Selamat datang di blog ku....!!
Semoga bermanfaat untuk semua...!!!
Amiiin. :)

Senin, 30 Maret 2015

cerpen



Cerpen
By : Fifi Nofia

Cerita Kehidupan

          Hari ini hari Kamis. Aku baru saja selesai shalat zuhur. Sekarang aku sedang menunggu seseorang disini, di taman kota. Hmm.. aku jadi ingat kejadian waktu itu, hari Kamis bakda zuhur 5 tahun silam.
          Aku punya sahabat namanya Brian. Dulu, sewaktu kecil, ia sangat baik, pintar, dan disukai teman-teman. Namun, sifatnya berubah ketika dia kelas 6 SD. Dia menjadi sosok yang pendiam, cuek, suka murung, mudah emosi, dan jarang bersosialisasi, kemudian di jauhi teman-temannya. Walaupun begitu, ada  satu hal yang aku syukuri yaitu dia masih mau mengobrol dengan ku.

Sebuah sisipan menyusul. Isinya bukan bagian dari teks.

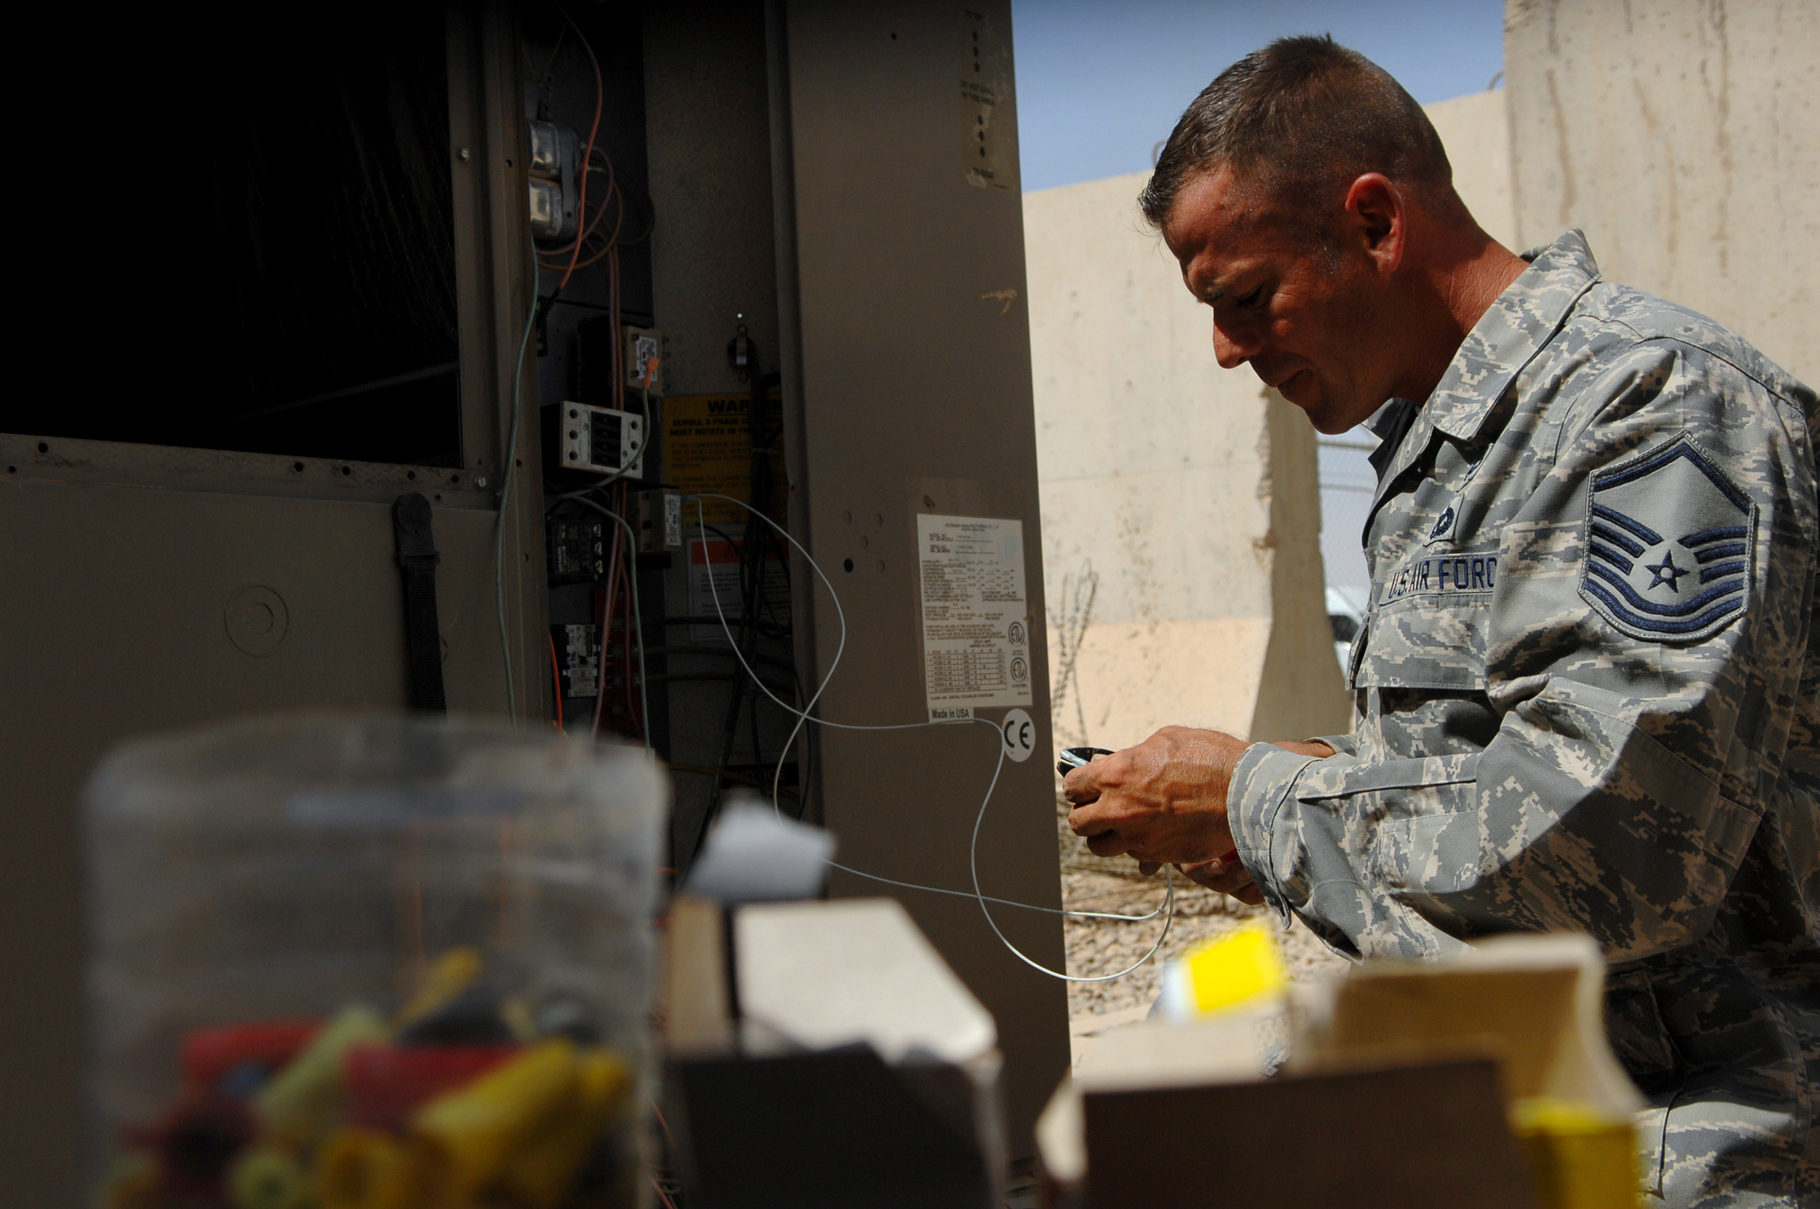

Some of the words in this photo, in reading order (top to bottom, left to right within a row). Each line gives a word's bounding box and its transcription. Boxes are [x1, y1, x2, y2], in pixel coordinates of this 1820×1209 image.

[707, 400, 782, 412] WARIN
[712, 417, 738, 425] PHASE
[694, 427, 724, 436] ROTATE
[1409, 560, 1429, 592] AIR
[1438, 557, 1497, 590] FORC
[932, 708, 948, 719] Made
[949, 709, 956, 719] in
[956, 709, 970, 719] USA
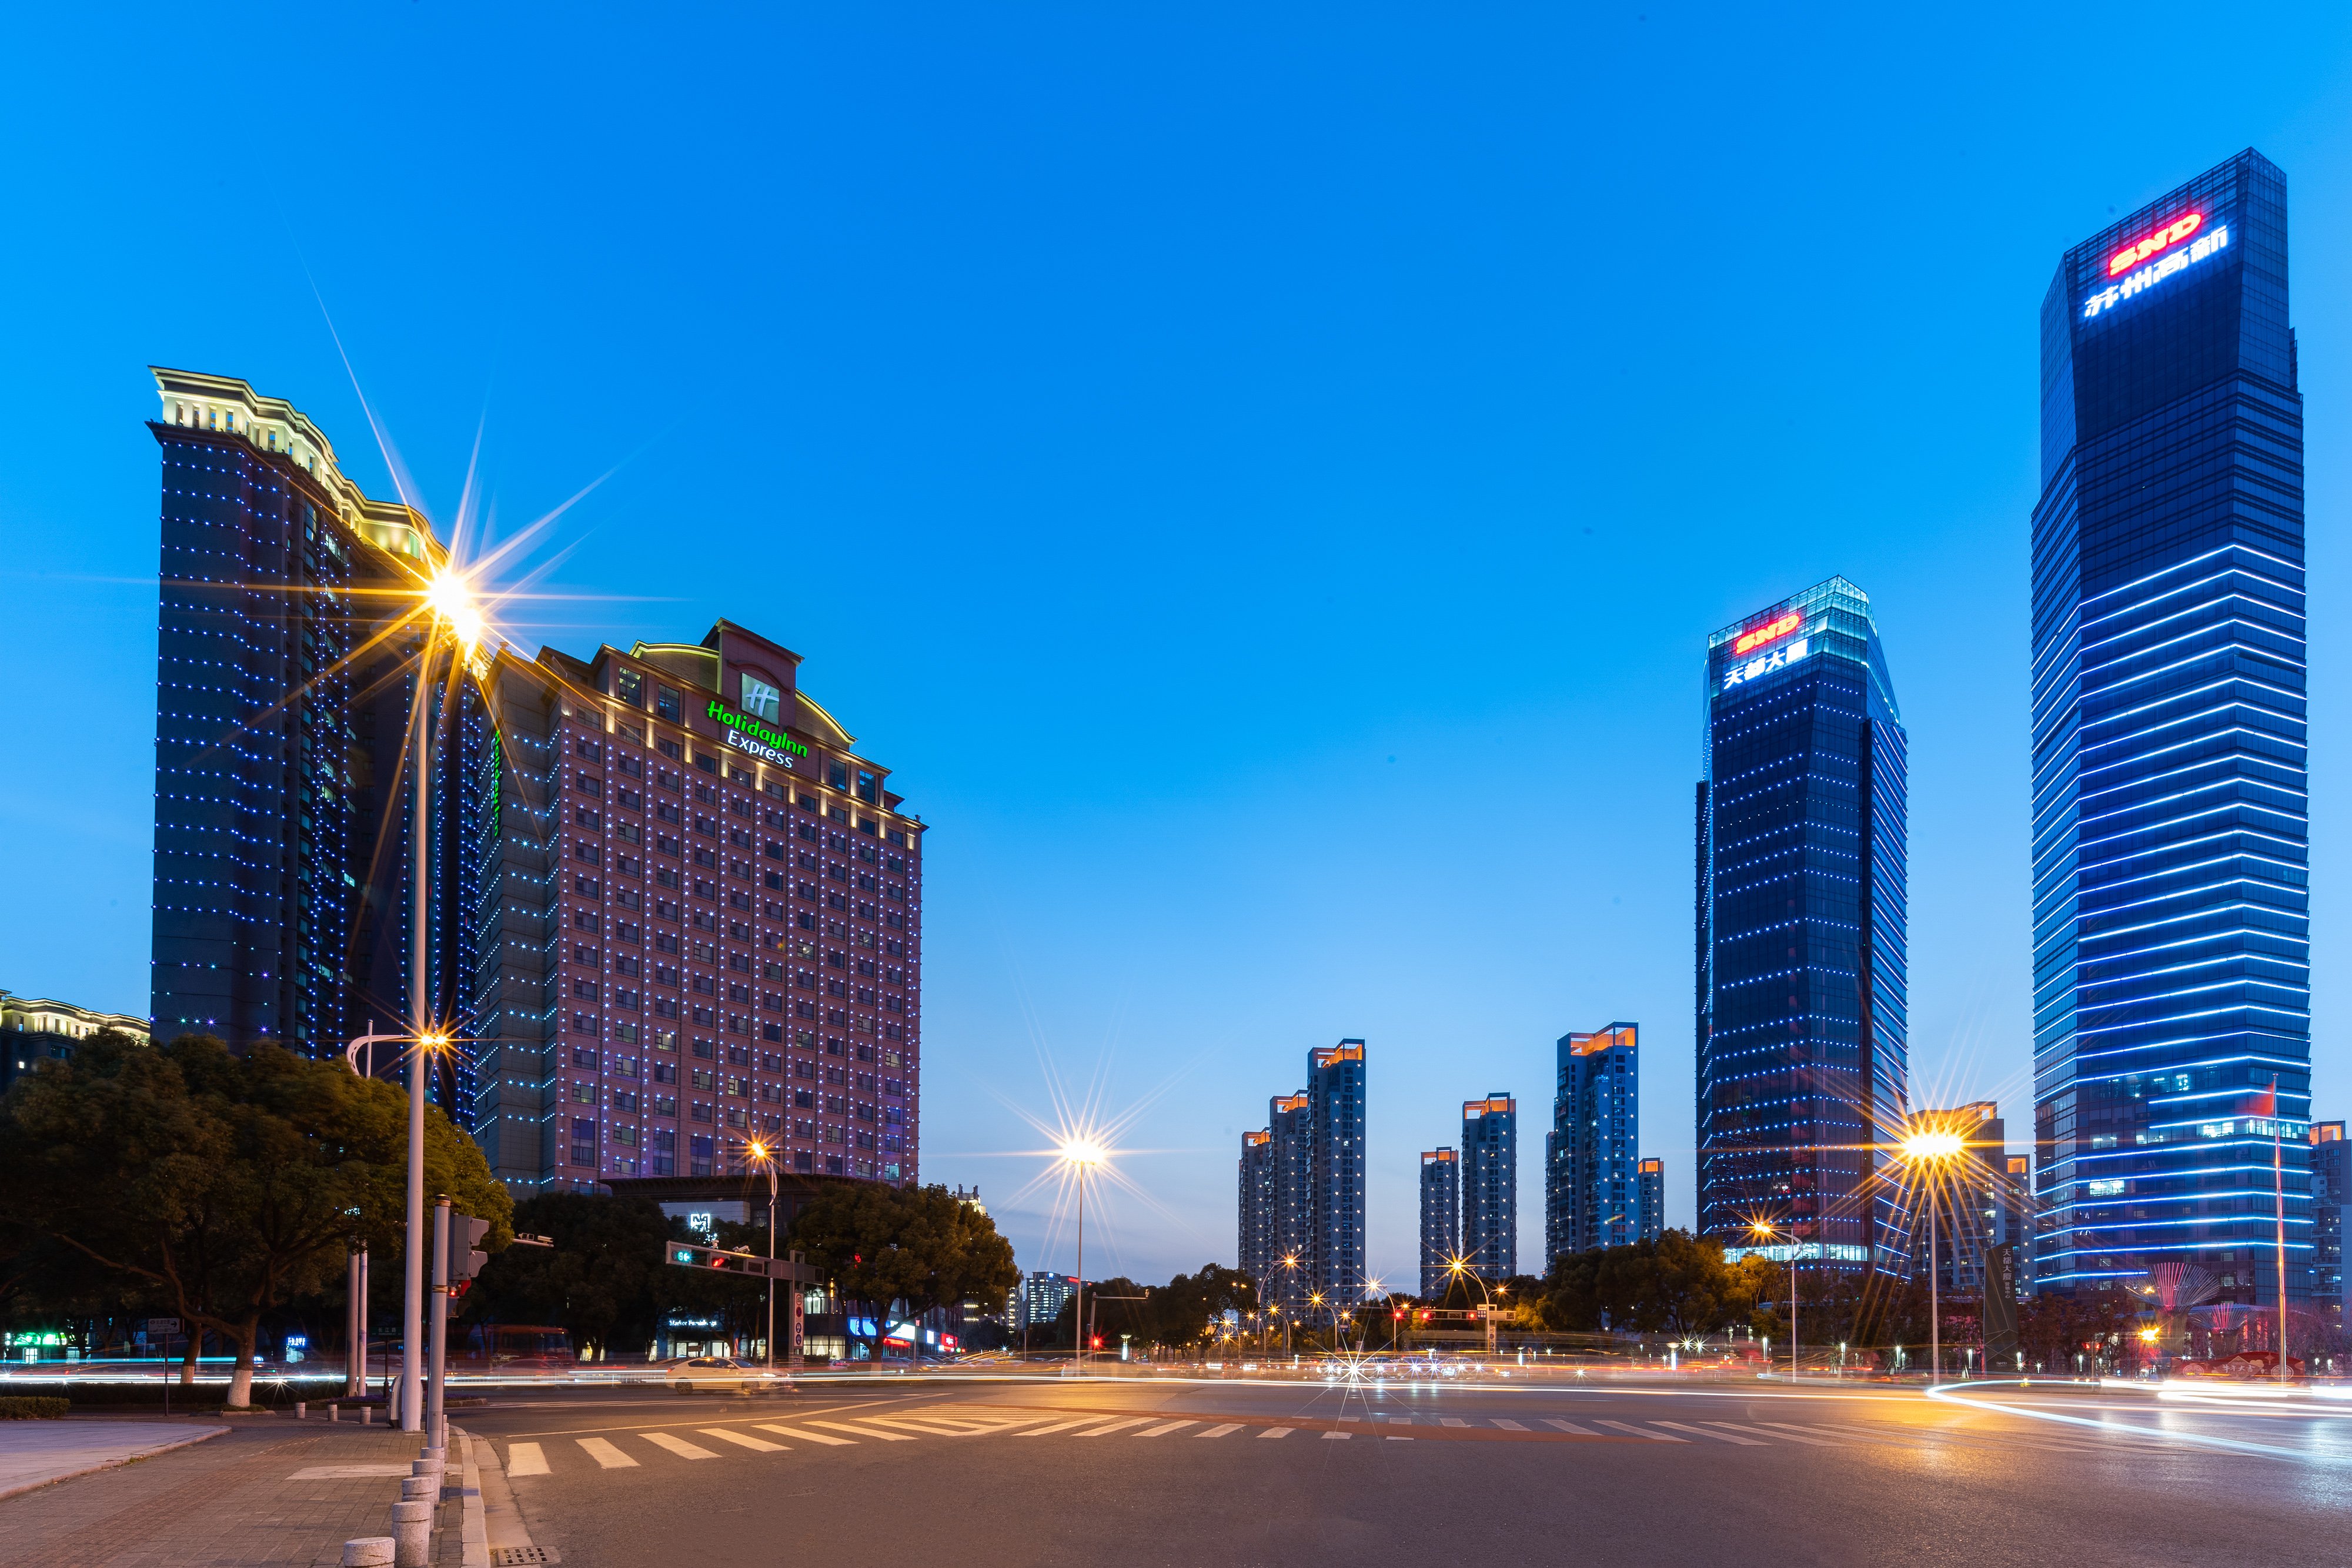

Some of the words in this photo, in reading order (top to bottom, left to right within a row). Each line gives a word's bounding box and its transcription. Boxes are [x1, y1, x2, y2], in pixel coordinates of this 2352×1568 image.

[2110, 214, 2201, 276] SND
[2084, 225, 2227, 317] 苏州高新
[1736, 614, 1799, 654] SND
[727, 729, 794, 769] Express
[2003, 1248, 2012, 1281] 天都大厦
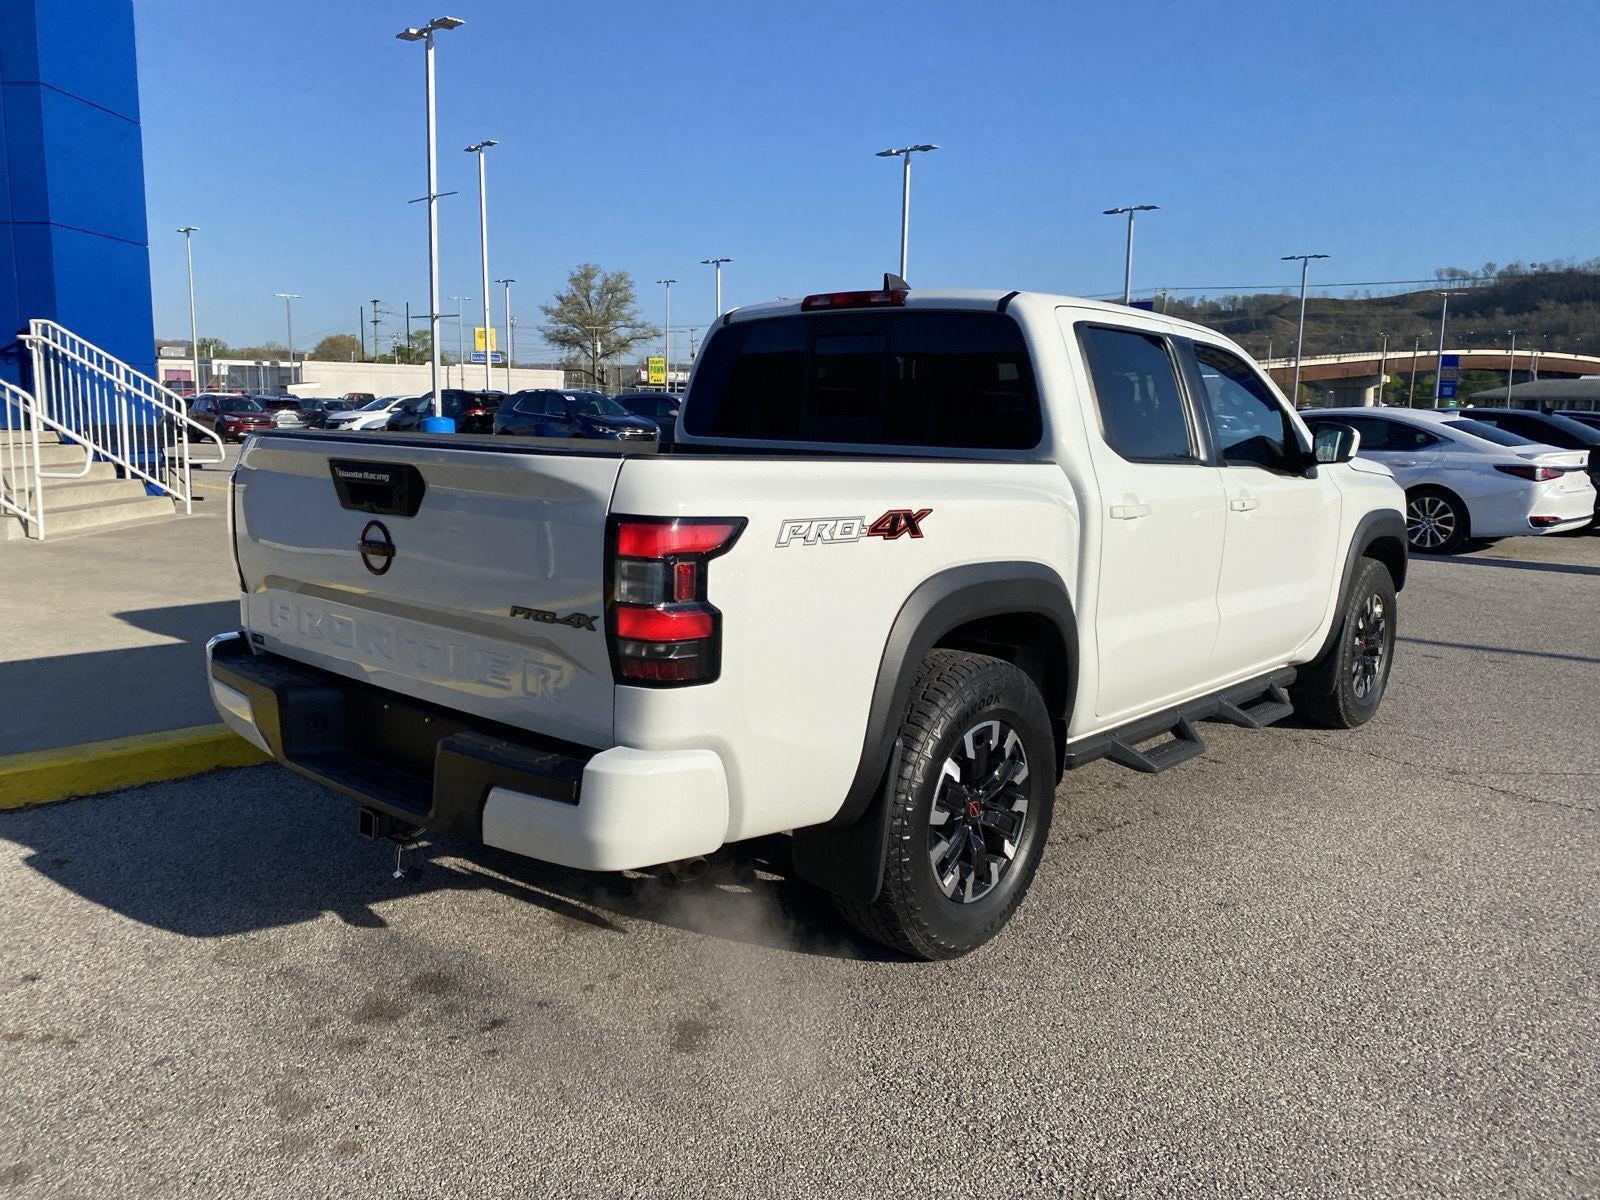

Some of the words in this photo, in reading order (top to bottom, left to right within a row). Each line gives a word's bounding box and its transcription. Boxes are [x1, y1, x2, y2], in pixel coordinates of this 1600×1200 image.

           “Hai Brian, sebenarnya kau kenapa?” tanyaku, kala siang itu sepulang sekolah ketika berjalan pulang.

          “Tidak apa-apa.” Jawabnya singkat.

          “Jangan begitu, ceritalah padaku. Kita kan sahabat.” sahutku membujuk.

          Dia diam sejenak dan berhenti melangkah. Aku pun mengikutinya.

          “Aku benci dengan ayah ku! Dia selalu menyakiti ibu ku.” Sahutnya, saat sebelumnya menoleh kepadaku.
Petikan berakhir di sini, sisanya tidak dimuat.